Le lendemain, l’archevêque de Camagüey s’est rendu dans la municipalité et y a trouvé « beaucoup de destructions à Esmeralda, mais aussi dans le batey de Central Brasil (Jaronú), où l’église récemment restaurée a été endommagée ». À Jiquí aussi, la chapelle s’est effondrée. « On aurait dit une explosion » ont dit les gens à l’évêque. « Puis nous sommes arrivés à Esmeralda et avons célébré la messe avec les rares personnes qui pouvaient y assister. Là aussi, nous avons vu quelques maisons touchées : glissements de terrain partiels ou complets, personnes sans abri, etc. Certaines personnes semblaient encore effrayées. “Quelle longue nuit !” est, à ce que l’on m’a dit, l’expression la plus entendue parmi les gens ».
Dans son récit, Mgr Wilfredo raconte à l’AED qu’en arrivant à Jiquí, il lui a été « pénible de voir notre église complètement par terre, avec des bancs écrasés et les tableaux détruits ». Là-bas, malgré la pluie, il a rencontré Ismaela et Alberto, un couple de la paroisse. Les premiers mots d’Ismaela ont vivement impressionné le prélat : « Monseigneur, la chapelle s’est effondrée, mais pas l’Église. »

Mogr Wilfredo décrit dans son message le travail de l’Église dans les différentes municipalités et paroisses touchées. En réponse aux coups de téléphone qu’il avait adressés aux prêtres et aux religieuses pour savoir s’ils allaient bien, la réponse de beaucoup a été unanime : « Nous, nous allons bien, mais nous allons sortir avec de la nourriture et d’autres choses, comme par exemple des clous, pour aider les personnes dans le besoin ».
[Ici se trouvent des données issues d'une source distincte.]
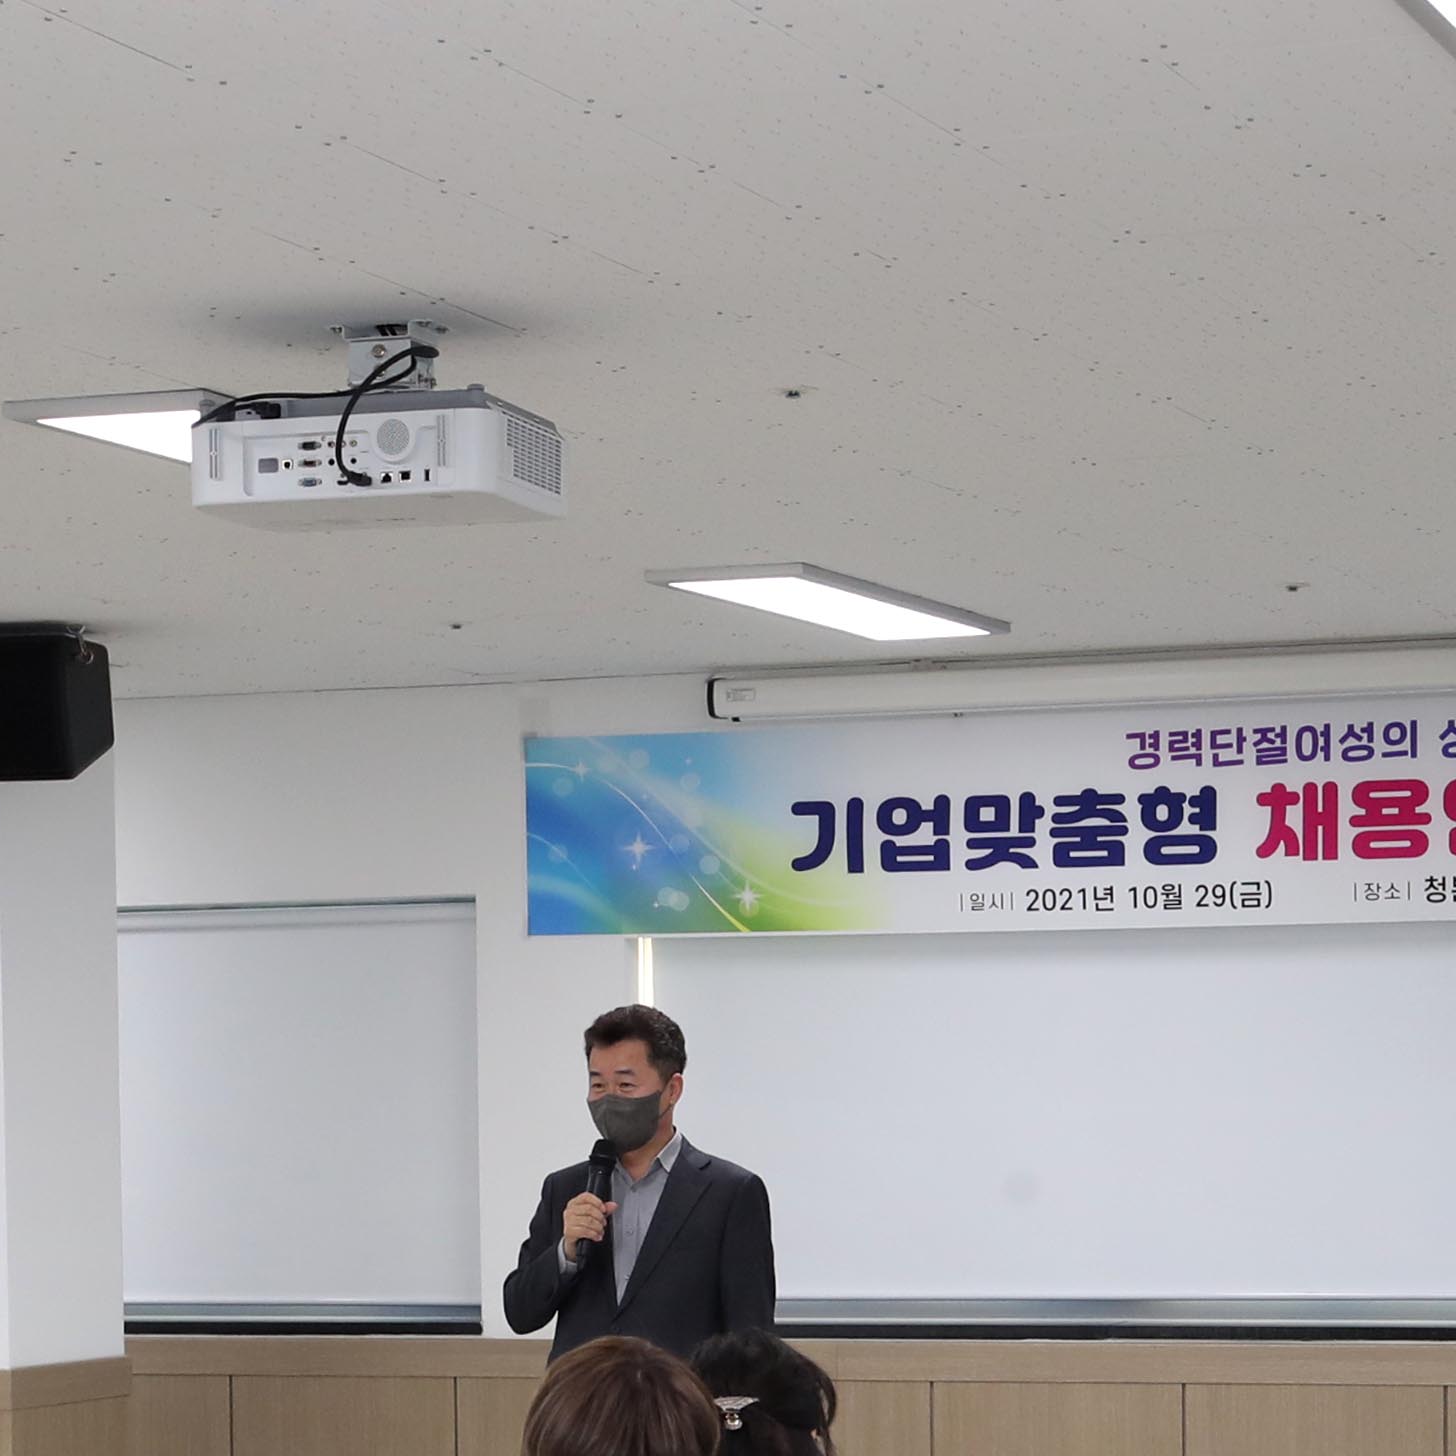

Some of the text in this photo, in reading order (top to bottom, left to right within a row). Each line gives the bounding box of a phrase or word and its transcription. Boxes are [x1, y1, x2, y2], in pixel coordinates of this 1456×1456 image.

[1125, 720, 1419, 771] 경력단절여성의
[791, 785, 1219, 874] 기업맞춤형
[1025, 886, 1115, 913] 2021년
[1127, 882, 1185, 911] 10월
[1194, 878, 1274, 911] 29(금)
Enfin, Mgr Wilfredo conclut en rappelant que le 8 septembre, en la fête de la Sainte patronne de Cuba, « nous n’avons pas pu faire les processions de la Vierge de la charité, mais maintenant, comme en d’autres occasions, notre bon Dieu nous invite à faire des “processions d’amour” comme celles que je viens de vous raconter. Je suis sûr que, demain lundi, quand les prêtres viendront à l’évêché, ils inventeront de nouvelles “processions” de ce genre … »

L’AED porte en priorité son aide sur la reconstruction des églises détruites à Jaronú et Jiquí et songe aussi à envoyer une aide d’urgence afin que l’Église ait la possibilité de servir d’instrument de la Miséricorde de Dieu pour atténuer les dommages causés par l’activité de l’ouragan qui a également traversé impitoyablement d’autres diocèses tels que Ciego de Ávila, Santa Clara, Matanzas et la Havane.